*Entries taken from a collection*
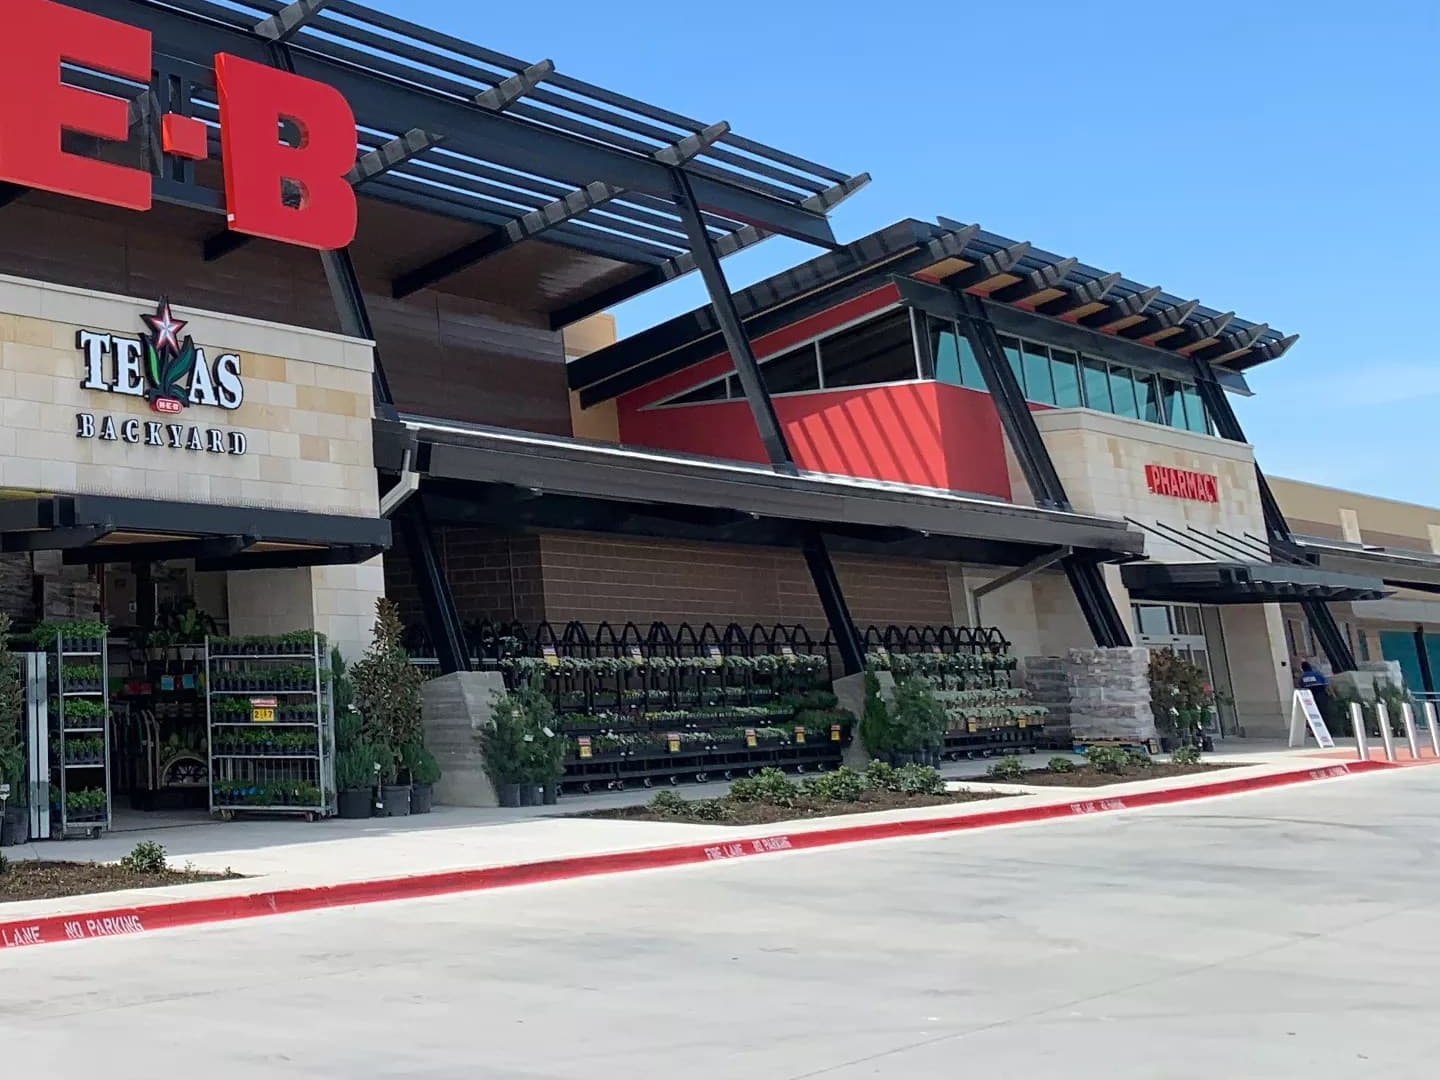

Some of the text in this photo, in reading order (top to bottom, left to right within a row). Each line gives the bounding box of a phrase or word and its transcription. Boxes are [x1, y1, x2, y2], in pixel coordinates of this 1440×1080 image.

[76, 413, 247, 455] BACKYARD
[2, 926, 45, 948] LANE
[64, 921, 84, 938] NO
[86, 915, 144, 937] PARKING
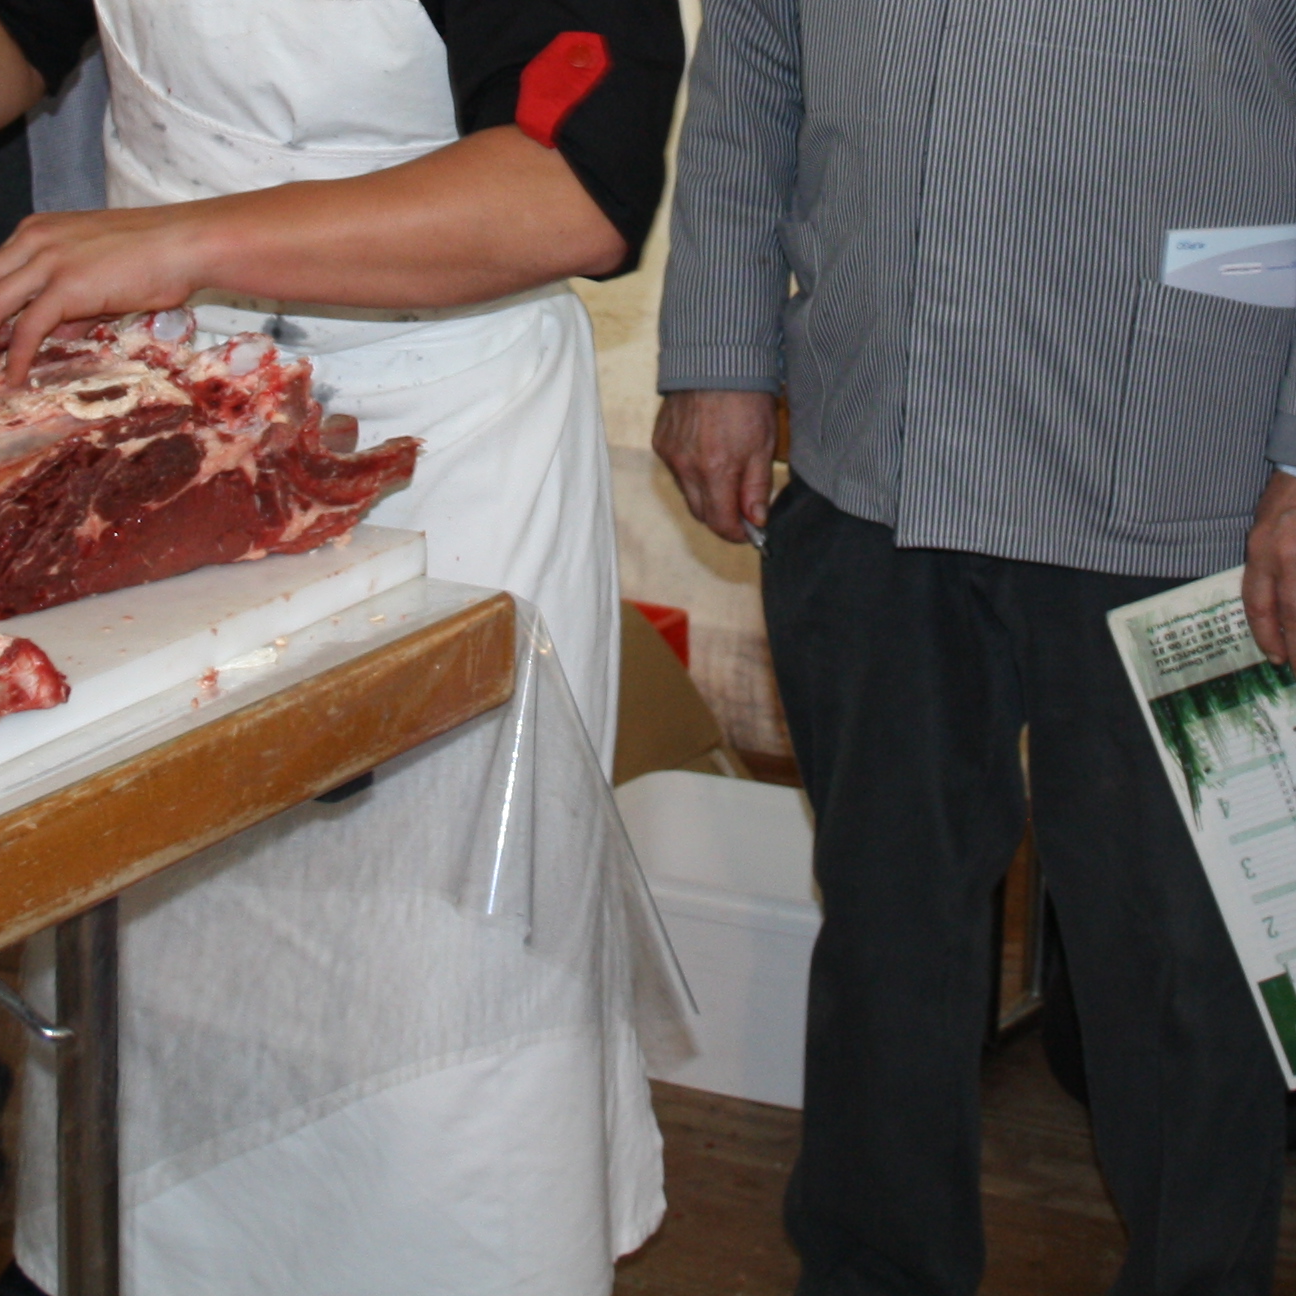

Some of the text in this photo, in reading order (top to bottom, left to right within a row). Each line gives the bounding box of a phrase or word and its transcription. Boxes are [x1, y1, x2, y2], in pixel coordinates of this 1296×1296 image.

[1216, 794, 1233, 819] 4
[1238, 856, 1257, 881] 3
[1260, 915, 1280, 940] 2

*Instructions for the task*
Although the records contain pictures, restate them word for word with those pictures left out.

*Exercise solution*
Some of the text in this photo, in reading order (top to bottom, left to right within a row). Each line gives the bounding box of a phrase or word and its transcription. Boxes are [x1, y1, x2, y2], in pixel coordinates of this 1440×1080 image.

[76, 413, 247, 455] BACKYARD
[2, 926, 45, 948] LANE
[64, 921, 84, 938] NO
[86, 915, 144, 937] PARKING

Some of the text in this photo, in reading order (top to bottom, left to right within a row). Each line gives the bounding box of a phrase or word and its transcription. Boxes are [x1, y1, x2, y2], in pixel coordinates of this 1296×1296 image.

[1216, 794, 1233, 819] 4
[1238, 856, 1257, 881] 3
[1260, 915, 1280, 940] 2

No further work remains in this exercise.